• **THE TASK**
Please repeat the data in full, character for character.

• **Dataset items**
* * *
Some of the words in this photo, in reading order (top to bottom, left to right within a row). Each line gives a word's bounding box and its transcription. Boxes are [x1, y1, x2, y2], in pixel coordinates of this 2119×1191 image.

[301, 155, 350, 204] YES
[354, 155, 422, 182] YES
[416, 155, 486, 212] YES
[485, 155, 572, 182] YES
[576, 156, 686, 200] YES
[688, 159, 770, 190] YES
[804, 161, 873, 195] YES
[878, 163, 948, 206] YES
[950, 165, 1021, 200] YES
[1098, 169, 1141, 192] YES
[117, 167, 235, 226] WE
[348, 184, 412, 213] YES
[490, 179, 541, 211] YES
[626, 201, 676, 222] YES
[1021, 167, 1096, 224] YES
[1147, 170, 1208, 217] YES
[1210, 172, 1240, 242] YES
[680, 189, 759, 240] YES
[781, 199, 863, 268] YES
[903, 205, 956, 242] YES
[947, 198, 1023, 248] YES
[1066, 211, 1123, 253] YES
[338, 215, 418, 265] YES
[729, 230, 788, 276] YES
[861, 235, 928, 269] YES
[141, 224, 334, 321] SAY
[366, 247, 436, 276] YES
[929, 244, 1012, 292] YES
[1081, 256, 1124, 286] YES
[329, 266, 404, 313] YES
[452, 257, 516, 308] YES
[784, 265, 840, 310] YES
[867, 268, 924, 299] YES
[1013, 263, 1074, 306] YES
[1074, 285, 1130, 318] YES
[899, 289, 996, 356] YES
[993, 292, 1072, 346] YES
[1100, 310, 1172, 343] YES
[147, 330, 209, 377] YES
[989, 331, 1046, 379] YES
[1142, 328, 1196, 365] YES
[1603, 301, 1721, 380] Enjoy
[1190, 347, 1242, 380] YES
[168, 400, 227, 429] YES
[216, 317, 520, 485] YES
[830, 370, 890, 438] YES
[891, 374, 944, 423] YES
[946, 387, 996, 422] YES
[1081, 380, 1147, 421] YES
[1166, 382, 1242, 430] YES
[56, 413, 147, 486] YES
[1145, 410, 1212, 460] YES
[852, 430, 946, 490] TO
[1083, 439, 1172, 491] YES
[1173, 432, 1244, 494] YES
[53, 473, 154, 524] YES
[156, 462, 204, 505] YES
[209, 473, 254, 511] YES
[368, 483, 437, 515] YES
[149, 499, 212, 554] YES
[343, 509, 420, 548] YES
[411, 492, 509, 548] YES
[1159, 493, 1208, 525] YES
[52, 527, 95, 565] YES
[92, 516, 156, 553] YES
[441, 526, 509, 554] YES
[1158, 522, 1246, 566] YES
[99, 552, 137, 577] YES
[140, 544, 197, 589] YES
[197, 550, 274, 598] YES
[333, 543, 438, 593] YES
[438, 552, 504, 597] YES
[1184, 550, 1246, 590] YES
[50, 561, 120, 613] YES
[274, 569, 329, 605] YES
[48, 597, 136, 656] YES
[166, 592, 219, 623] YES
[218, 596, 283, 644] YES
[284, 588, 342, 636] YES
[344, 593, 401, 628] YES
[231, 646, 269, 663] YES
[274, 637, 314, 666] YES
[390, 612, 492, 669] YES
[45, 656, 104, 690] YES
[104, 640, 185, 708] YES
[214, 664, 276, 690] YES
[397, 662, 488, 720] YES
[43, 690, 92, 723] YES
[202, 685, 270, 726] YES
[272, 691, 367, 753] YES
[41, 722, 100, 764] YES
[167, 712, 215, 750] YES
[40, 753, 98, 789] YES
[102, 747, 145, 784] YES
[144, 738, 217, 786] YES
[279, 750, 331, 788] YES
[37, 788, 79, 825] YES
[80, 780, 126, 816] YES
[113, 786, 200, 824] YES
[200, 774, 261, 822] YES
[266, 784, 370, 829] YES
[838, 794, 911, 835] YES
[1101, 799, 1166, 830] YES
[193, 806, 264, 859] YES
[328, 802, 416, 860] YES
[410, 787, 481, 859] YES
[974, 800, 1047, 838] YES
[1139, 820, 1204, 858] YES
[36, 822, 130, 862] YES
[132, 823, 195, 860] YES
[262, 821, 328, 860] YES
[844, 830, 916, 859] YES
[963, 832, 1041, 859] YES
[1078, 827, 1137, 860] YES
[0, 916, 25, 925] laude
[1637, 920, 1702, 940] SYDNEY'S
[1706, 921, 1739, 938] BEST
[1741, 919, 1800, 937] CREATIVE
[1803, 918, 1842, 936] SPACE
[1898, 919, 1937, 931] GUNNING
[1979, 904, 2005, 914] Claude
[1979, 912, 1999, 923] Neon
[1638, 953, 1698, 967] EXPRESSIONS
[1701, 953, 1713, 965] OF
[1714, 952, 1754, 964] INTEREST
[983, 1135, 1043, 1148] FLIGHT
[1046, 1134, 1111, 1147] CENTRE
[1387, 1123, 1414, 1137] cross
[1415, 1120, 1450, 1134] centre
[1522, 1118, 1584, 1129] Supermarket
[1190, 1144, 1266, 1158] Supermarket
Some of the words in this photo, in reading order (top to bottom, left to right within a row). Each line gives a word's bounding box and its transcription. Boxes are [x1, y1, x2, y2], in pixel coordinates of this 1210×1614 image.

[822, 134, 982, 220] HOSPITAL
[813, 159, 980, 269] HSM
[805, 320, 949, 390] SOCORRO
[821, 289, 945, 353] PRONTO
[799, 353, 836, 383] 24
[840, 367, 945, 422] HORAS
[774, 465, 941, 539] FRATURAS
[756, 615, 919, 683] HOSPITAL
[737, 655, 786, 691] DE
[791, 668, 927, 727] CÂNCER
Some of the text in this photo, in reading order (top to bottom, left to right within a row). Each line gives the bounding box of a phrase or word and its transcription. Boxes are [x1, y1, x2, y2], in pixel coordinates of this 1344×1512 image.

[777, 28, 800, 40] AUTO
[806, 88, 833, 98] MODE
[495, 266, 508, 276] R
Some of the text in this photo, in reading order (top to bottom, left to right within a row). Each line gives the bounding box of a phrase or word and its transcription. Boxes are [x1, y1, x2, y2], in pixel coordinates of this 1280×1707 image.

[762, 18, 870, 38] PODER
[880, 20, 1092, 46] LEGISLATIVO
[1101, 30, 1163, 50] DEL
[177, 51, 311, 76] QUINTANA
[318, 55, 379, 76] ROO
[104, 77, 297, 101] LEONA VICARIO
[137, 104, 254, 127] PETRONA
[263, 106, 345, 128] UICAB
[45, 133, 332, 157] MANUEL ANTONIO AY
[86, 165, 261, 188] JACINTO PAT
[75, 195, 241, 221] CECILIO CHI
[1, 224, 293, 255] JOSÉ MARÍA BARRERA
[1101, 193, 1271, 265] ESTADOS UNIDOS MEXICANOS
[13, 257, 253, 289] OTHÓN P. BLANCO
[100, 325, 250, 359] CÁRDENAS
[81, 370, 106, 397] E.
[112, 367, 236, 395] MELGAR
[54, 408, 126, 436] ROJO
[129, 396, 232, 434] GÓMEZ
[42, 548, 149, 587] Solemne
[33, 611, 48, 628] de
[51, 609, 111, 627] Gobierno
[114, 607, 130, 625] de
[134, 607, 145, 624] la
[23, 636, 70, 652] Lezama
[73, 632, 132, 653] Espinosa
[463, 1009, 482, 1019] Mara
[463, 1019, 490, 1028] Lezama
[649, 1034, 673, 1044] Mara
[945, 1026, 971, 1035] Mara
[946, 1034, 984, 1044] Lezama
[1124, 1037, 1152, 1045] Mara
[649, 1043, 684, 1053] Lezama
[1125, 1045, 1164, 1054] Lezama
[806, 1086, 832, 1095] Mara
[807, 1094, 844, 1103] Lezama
* * *
• **SOLUTION TO THIS PROBLEM**
Some of the words in this photo, in reading order (top to bottom, left to right within a row). Each line gives a word's bounding box and its transcription. Boxes are [x1, y1, x2, y2], in pixel coordinates of this 2119×1191 image.

[301, 155, 350, 204] YES
[354, 155, 422, 182] YES
[416, 155, 486, 212] YES
[485, 155, 572, 182] YES
[576, 156, 686, 200] YES
[688, 159, 770, 190] YES
[804, 161, 873, 195] YES
[878, 163, 948, 206] YES
[950, 165, 1021, 200] YES
[1098, 169, 1141, 192] YES
[117, 167, 235, 226] WE
[348, 184, 412, 213] YES
[490, 179, 541, 211] YES
[626, 201, 676, 222] YES
[1021, 167, 1096, 224] YES
[1147, 170, 1208, 217] YES
[1210, 172, 1240, 242] YES
[680, 189, 759, 240] YES
[781, 199, 863, 268] YES
[903, 205, 956, 242] YES
[947, 198, 1023, 248] YES
[1066, 211, 1123, 253] YES
[338, 215, 418, 265] YES
[729, 230, 788, 276] YES
[861, 235, 928, 269] YES
[141, 224, 334, 321] SAY
[366, 247, 436, 276] YES
[929, 244, 1012, 292] YES
[1081, 256, 1124, 286] YES
[329, 266, 404, 313] YES
[452, 257, 516, 308] YES
[784, 265, 840, 310] YES
[867, 268, 924, 299] YES
[1013, 263, 1074, 306] YES
[1074, 285, 1130, 318] YES
[899, 289, 996, 356] YES
[993, 292, 1072, 346] YES
[1100, 310, 1172, 343] YES
[147, 330, 209, 377] YES
[989, 331, 1046, 379] YES
[1142, 328, 1196, 365] YES
[1603, 301, 1721, 380] Enjoy
[1190, 347, 1242, 380] YES
[168, 400, 227, 429] YES
[216, 317, 520, 485] YES
[830, 370, 890, 438] YES
[891, 374, 944, 423] YES
[946, 387, 996, 422] YES
[1081, 380, 1147, 421] YES
[1166, 382, 1242, 430] YES
[56, 413, 147, 486] YES
[1145, 410, 1212, 460] YES
[852, 430, 946, 490] TO
[1083, 439, 1172, 491] YES
[1173, 432, 1244, 494] YES
[53, 473, 154, 524] YES
[156, 462, 204, 505] YES
[209, 473, 254, 511] YES
[368, 483, 437, 515] YES
[149, 499, 212, 554] YES
[343, 509, 420, 548] YES
[411, 492, 509, 548] YES
[1159, 493, 1208, 525] YES
[52, 527, 95, 565] YES
[92, 516, 156, 553] YES
[441, 526, 509, 554] YES
[1158, 522, 1246, 566] YES
[99, 552, 137, 577] YES
[140, 544, 197, 589] YES
[197, 550, 274, 598] YES
[333, 543, 438, 593] YES
[438, 552, 504, 597] YES
[1184, 550, 1246, 590] YES
[50, 561, 120, 613] YES
[274, 569, 329, 605] YES
[48, 597, 136, 656] YES
[166, 592, 219, 623] YES
[218, 596, 283, 644] YES
[284, 588, 342, 636] YES
[344, 593, 401, 628] YES
[231, 646, 269, 663] YES
[274, 637, 314, 666] YES
[390, 612, 492, 669] YES
[45, 656, 104, 690] YES
[104, 640, 185, 708] YES
[214, 664, 276, 690] YES
[397, 662, 488, 720] YES
[43, 690, 92, 723] YES
[202, 685, 270, 726] YES
[272, 691, 367, 753] YES
[41, 722, 100, 764] YES
[167, 712, 215, 750] YES
[40, 753, 98, 789] YES
[102, 747, 145, 784] YES
[144, 738, 217, 786] YES
[279, 750, 331, 788] YES
[37, 788, 79, 825] YES
[80, 780, 126, 816] YES
[113, 786, 200, 824] YES
[200, 774, 261, 822] YES
[266, 784, 370, 829] YES
[838, 794, 911, 835] YES
[1101, 799, 1166, 830] YES
[193, 806, 264, 859] YES
[328, 802, 416, 860] YES
[410, 787, 481, 859] YES
[974, 800, 1047, 838] YES
[1139, 820, 1204, 858] YES
[36, 822, 130, 862] YES
[132, 823, 195, 860] YES
[262, 821, 328, 860] YES
[844, 830, 916, 859] YES
[963, 832, 1041, 859] YES
[1078, 827, 1137, 860] YES
[0, 916, 25, 925] laude
[1637, 920, 1702, 940] SYDNEY'S
[1706, 921, 1739, 938] BEST
[1741, 919, 1800, 937] CREATIVE
[1803, 918, 1842, 936] SPACE
[1898, 919, 1937, 931] GUNNING
[1979, 904, 2005, 914] Claude
[1979, 912, 1999, 923] Neon
[1638, 953, 1698, 967] EXPRESSIONS
[1701, 953, 1713, 965] OF
[1714, 952, 1754, 964] INTEREST
[983, 1135, 1043, 1148] FLIGHT
[1046, 1134, 1111, 1147] CENTRE
[1387, 1123, 1414, 1137] cross
[1415, 1120, 1450, 1134] centre
[1522, 1118, 1584, 1129] Supermarket
[1190, 1144, 1266, 1158] Supermarket
Some of the words in this photo, in reading order (top to bottom, left to right within a row). Each line gives a word's bounding box and its transcription. Boxes are [x1, y1, x2, y2], in pixel coordinates of this 1210×1614 image.

[822, 134, 982, 220] HOSPITAL
[813, 159, 980, 269] HSM
[805, 320, 949, 390] SOCORRO
[821, 289, 945, 353] PRONTO
[799, 353, 836, 383] 24
[840, 367, 945, 422] HORAS
[774, 465, 941, 539] FRATURAS
[756, 615, 919, 683] HOSPITAL
[737, 655, 786, 691] DE
[791, 668, 927, 727] CÂNCER
Some of the text in this photo, in reading order (top to bottom, left to right within a row). Each line gives the bounding box of a phrase or word and its transcription. Boxes are [x1, y1, x2, y2], in pixel coordinates of this 1344×1512 image.

[777, 28, 800, 40] AUTO
[806, 88, 833, 98] MODE
[495, 266, 508, 276] R
Some of the text in this photo, in reading order (top to bottom, left to right within a row). Each line gives the bounding box of a phrase or word and its transcription. Boxes are [x1, y1, x2, y2], in pixel coordinates of this 1280×1707 image.

[762, 18, 870, 38] PODER
[880, 20, 1092, 46] LEGISLATIVO
[1101, 30, 1163, 50] DEL
[177, 51, 311, 76] QUINTANA
[318, 55, 379, 76] ROO
[104, 77, 297, 101] LEONA VICARIO
[137, 104, 254, 127] PETRONA
[263, 106, 345, 128] UICAB
[45, 133, 332, 157] MANUEL ANTONIO AY
[86, 165, 261, 188] JACINTO PAT
[75, 195, 241, 221] CECILIO CHI
[1, 224, 293, 255] JOSÉ MARÍA BARRERA
[1101, 193, 1271, 265] ESTADOS UNIDOS MEXICANOS
[13, 257, 253, 289] OTHÓN P. BLANCO
[100, 325, 250, 359] CÁRDENAS
[81, 370, 106, 397] E.
[112, 367, 236, 395] MELGAR
[54, 408, 126, 436] ROJO
[129, 396, 232, 434] GÓMEZ
[42, 548, 149, 587] Solemne
[33, 611, 48, 628] de
[51, 609, 111, 627] Gobierno
[114, 607, 130, 625] de
[134, 607, 145, 624] la
[23, 636, 70, 652] Lezama
[73, 632, 132, 653] Espinosa
[463, 1009, 482, 1019] Mara
[463, 1019, 490, 1028] Lezama
[649, 1034, 673, 1044] Mara
[945, 1026, 971, 1035] Mara
[946, 1034, 984, 1044] Lezama
[1124, 1037, 1152, 1045] Mara
[649, 1043, 684, 1053] Lezama
[1125, 1045, 1164, 1054] Lezama
[806, 1086, 832, 1095] Mara
[807, 1094, 844, 1103] Lezama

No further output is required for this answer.